Your copy of the listing should be exact and should contain no pictures.

── Excerpted data ──

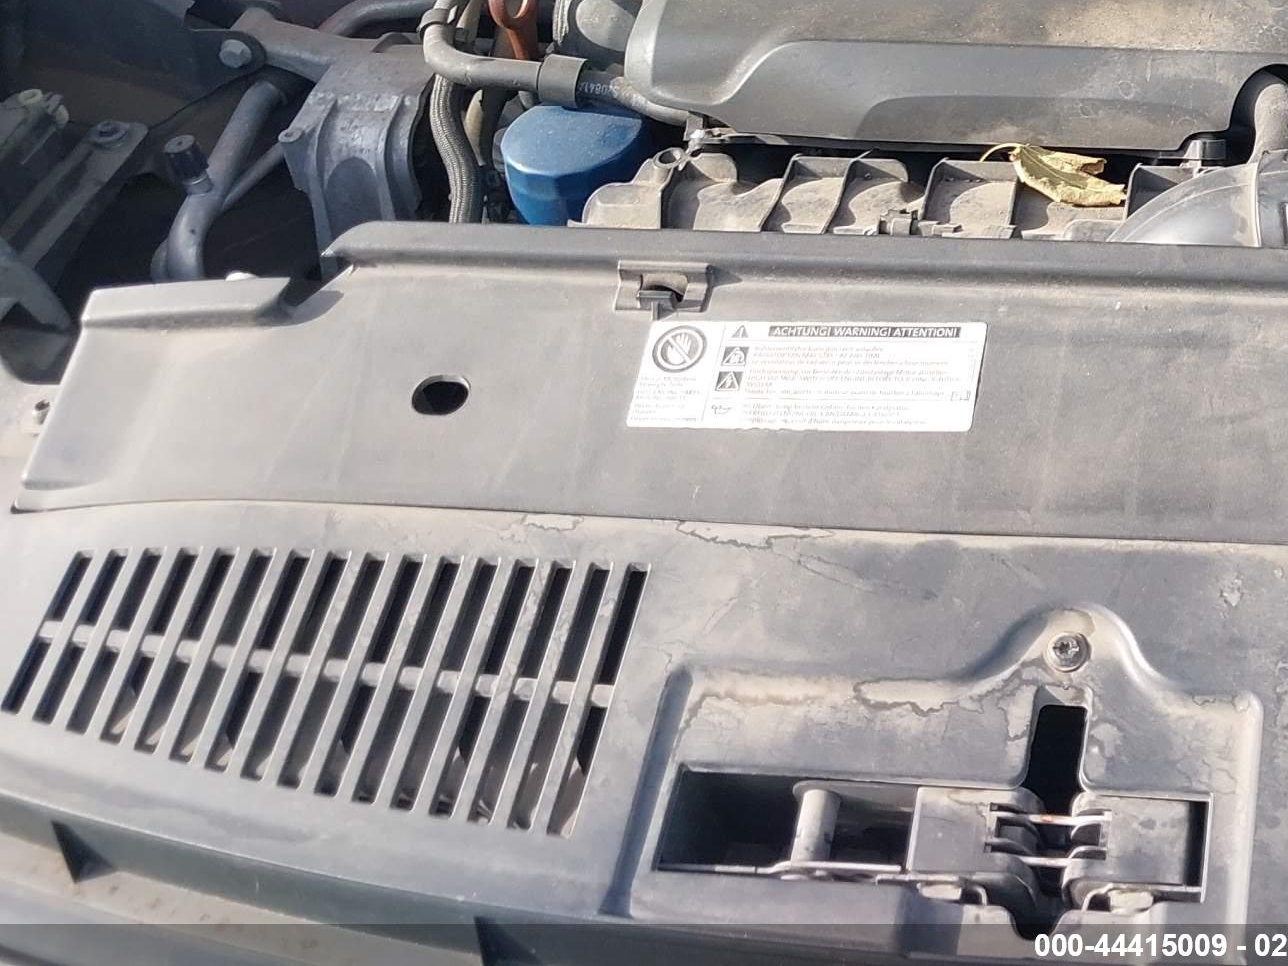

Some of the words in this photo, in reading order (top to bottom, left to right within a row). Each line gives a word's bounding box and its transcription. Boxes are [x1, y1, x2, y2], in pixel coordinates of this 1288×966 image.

[773, 326, 832, 337] ACHTUNG!
[833, 326, 892, 338] WARNING!
[893, 326, 958, 338] ATTENTION!
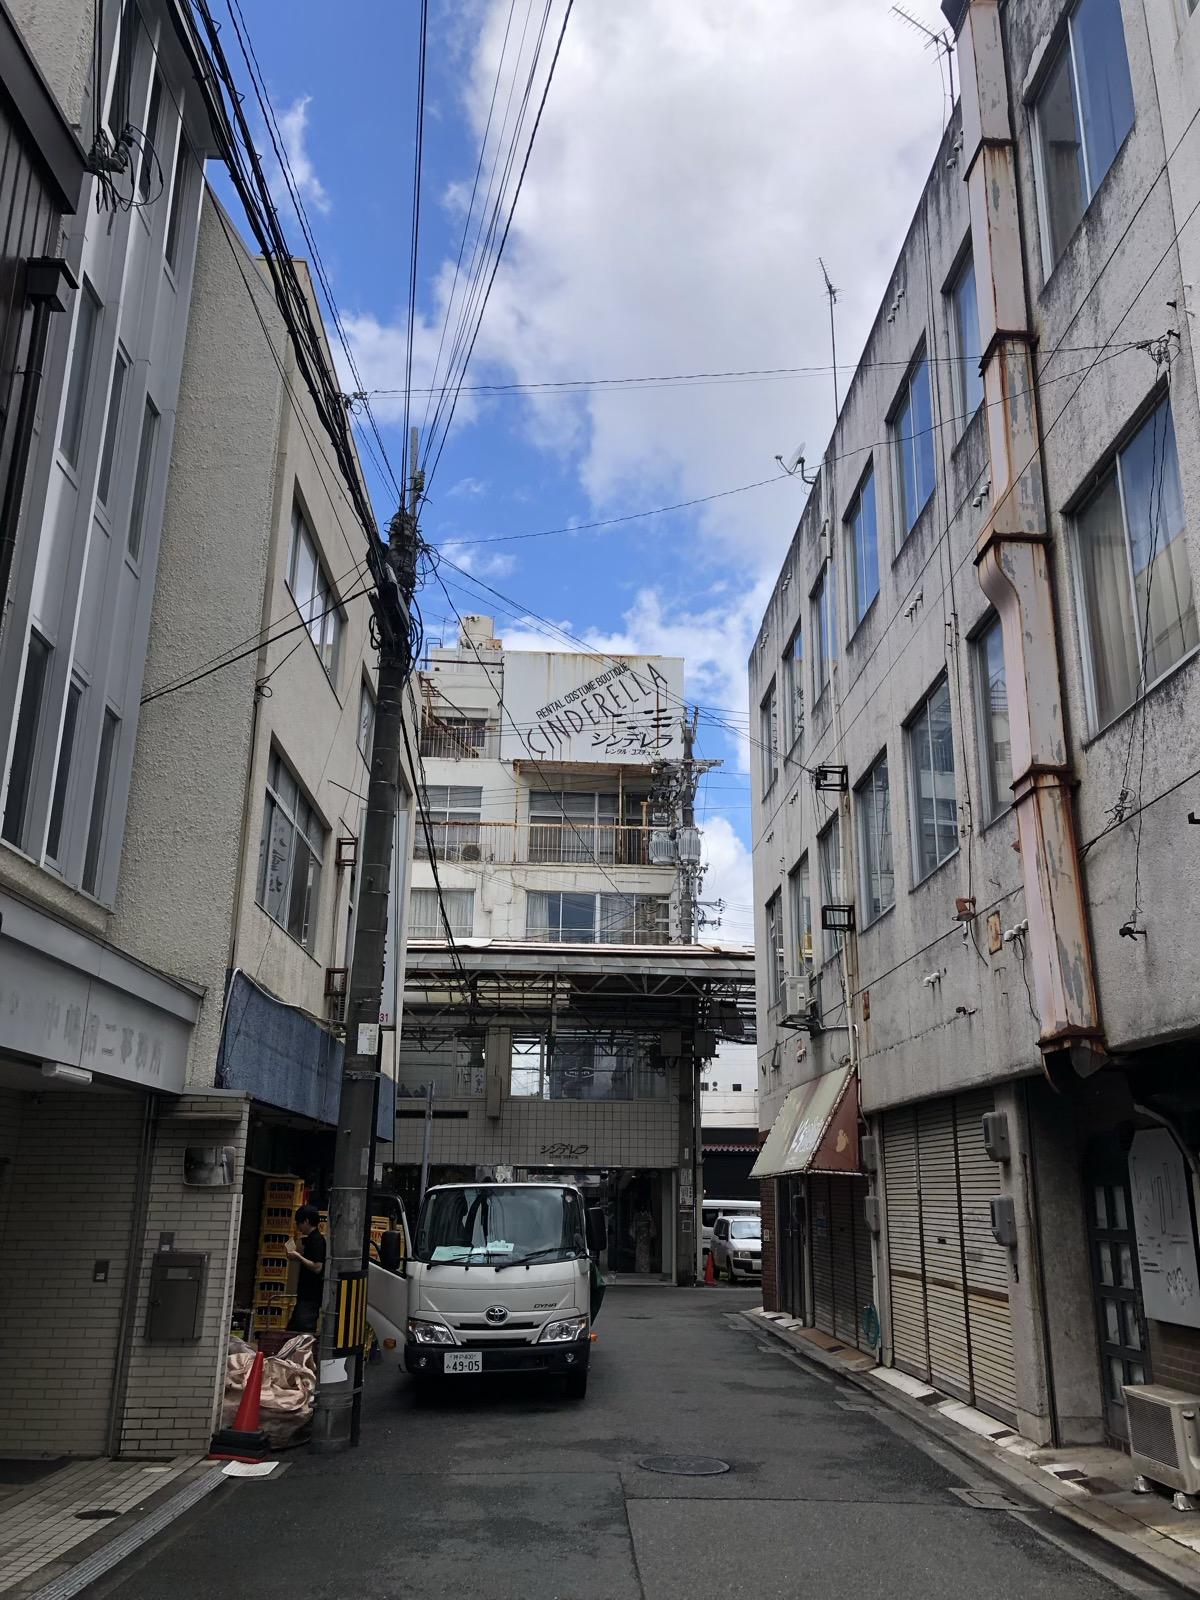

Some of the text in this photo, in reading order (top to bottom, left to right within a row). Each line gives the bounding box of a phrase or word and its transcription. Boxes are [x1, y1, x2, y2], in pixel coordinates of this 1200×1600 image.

[527, 663, 668, 754] CINDERELLA
[536, 662, 630, 720] RENTAL COSTUME BOUTIQUE
[591, 732, 673, 749] シンデレラ
[452, 1360, 480, 1371] 49-05

───

== Task result ==
Some of the words in this photo, in reading order (top to bottom, left to right within a row). Each line gives a word's bounding box and its transcription. Boxes are [x1, y1, x2, y2], in pixel coordinates of this 1288×966 image.

[773, 326, 832, 337] ACHTUNG!
[833, 326, 892, 338] WARNING!
[893, 326, 958, 338] ATTENTION!

Some of the text in this photo, in reading order (top to bottom, left to right within a row). Each line gives the bounding box of a phrase or word and its transcription. Boxes are [x1, y1, x2, y2], in pixel coordinates of this 1200×1600 image.

[527, 663, 668, 754] CINDERELLA
[536, 662, 630, 720] RENTAL COSTUME BOUTIQUE
[591, 732, 673, 749] シンデレラ
[452, 1360, 480, 1371] 49-05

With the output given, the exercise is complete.